De Vido podría ser expulsado esta semana de la Cámara de Diputados. Los números son difíciles de conseguir porque se necesita el voto de los dos tercios de los presentes. Pero hay que confiar más en las ausencias que en el improbable caso de que se sumen votos para la expulsión. Las ausencias beneficiarán a los que piden la expulsión del ex ministro. Para desgracia de De Vido, Cristina Kirchner no dice ni pide nada. Varios de sus diputados señalaron que están dispuestos a obedecerla, siempre que ella se los requiera. Cristina no pidió por De Vido, hasta ahora al menos. Está en campaña y no dejará sus huellas en un caso que podría agregarle más impopularidad. Es obvio, además, que Cristina quiere sumar a sectores que no la votan; a los que la votan ya los tiene y le son leales.

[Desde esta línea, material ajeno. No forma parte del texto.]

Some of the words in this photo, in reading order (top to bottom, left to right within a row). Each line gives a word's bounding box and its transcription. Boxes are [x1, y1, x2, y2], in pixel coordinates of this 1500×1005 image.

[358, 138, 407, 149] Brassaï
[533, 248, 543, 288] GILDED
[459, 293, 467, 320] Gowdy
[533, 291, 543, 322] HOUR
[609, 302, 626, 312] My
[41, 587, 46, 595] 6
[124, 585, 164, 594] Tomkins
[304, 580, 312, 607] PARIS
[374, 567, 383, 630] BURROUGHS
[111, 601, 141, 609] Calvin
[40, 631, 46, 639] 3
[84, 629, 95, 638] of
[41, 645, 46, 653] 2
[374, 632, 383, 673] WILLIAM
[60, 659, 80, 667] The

Hay también pequeños bloques provinciales (los santiagueños del matrimonio Zamora o los misioneros que responden al ex gobernador Maurice Closs) que callan. Seguramente, están esquivando la presión del bloque kirchnerista. Su ausencia es lo más probable. El massismo votará para dejar afuera a De Vido. Lo mismo hará el bloque que lidera Diego Bossio, aunque éste prefiere suspenderlo como diputado hasta que se expida la Justicia. Es lo mismo: De Vido no volvería nunca con semejante cantidad de causas judiciales que deberá resolver por el resto de su existencia. El gobernador de Salta, Juan Manuel Urtubey, dio orden a sus diputados para que acompañaran la expulsión de De Vido. Incluso, dos diputados salteños podrían firmar el martes la destitución de De Vido en la Comisión de Asuntos Constitucionales.

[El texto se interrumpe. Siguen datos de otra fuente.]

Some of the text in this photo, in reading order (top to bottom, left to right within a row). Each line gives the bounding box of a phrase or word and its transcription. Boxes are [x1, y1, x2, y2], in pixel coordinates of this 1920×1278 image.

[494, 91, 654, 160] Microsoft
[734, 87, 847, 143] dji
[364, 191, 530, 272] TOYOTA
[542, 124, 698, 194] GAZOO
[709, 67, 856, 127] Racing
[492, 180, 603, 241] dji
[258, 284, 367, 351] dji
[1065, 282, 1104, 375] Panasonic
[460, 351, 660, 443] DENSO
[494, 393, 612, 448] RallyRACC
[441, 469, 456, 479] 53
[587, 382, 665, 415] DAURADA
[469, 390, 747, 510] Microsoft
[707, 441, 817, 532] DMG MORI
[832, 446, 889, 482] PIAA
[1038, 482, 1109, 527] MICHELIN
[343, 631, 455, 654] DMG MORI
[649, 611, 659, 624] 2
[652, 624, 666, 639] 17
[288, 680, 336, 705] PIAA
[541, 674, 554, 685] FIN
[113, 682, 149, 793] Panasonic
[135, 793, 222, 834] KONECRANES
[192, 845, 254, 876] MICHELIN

La izquierda se deja llevar por su atávica paranoia. Teme que el antecedente de De Vido pueda justificar luego la expulsión de diputados de izquierda por sus ideas. ¿Qué partido con representación parlamentaria cometería hoy el monumental error de proponer la expulsión de un legislador por razones ideológicas? Ninguno. Es la izquierda que prefiere un papel testimonial en la democracia (nunca consigue más del 3 por ciento de los votos) y que se resignó a no gobernar. Votará en contra de la expulsión de De Vido no por complicidad (nadie puede suponer eso), sino por un sentido innecesario de preservación.

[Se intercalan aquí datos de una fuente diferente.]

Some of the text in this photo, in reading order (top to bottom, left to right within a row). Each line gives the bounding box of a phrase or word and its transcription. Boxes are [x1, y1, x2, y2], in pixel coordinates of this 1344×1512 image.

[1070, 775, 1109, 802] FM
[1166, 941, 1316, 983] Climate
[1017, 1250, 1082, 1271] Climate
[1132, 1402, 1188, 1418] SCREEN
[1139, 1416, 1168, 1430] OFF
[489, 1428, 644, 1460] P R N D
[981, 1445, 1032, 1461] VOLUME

El único argumento del kirchnerismo, y no sólo del kirchnerismo, es que se vive un tiempo electoral y que la expulsión de De Vido forma parte de ese tiempo. Todo es electoral en estos momentos, pero luego sucederá otra cosa que también podría obstaculizar la destitución del ex funcionario. Sin embargo, la conclusión no es tan complicada. La expulsión de De Vido no beneficiará a ningún partido en particular, porque la hará posible una amplia constelación de partidos (que va del oficialismo al peronismo antikirchnerista o alejado recientemente del kirchnerismo). En cambio, el Gobierno podría salir beneficiado si se rechazara la expulsión. Podrá decir que hizo todo lo posible y que no pudo para dejarlo sin fueros, en la orilla misma de la cárcel, al más emblemático de los funcionarios corruptos de la era kirchnerista.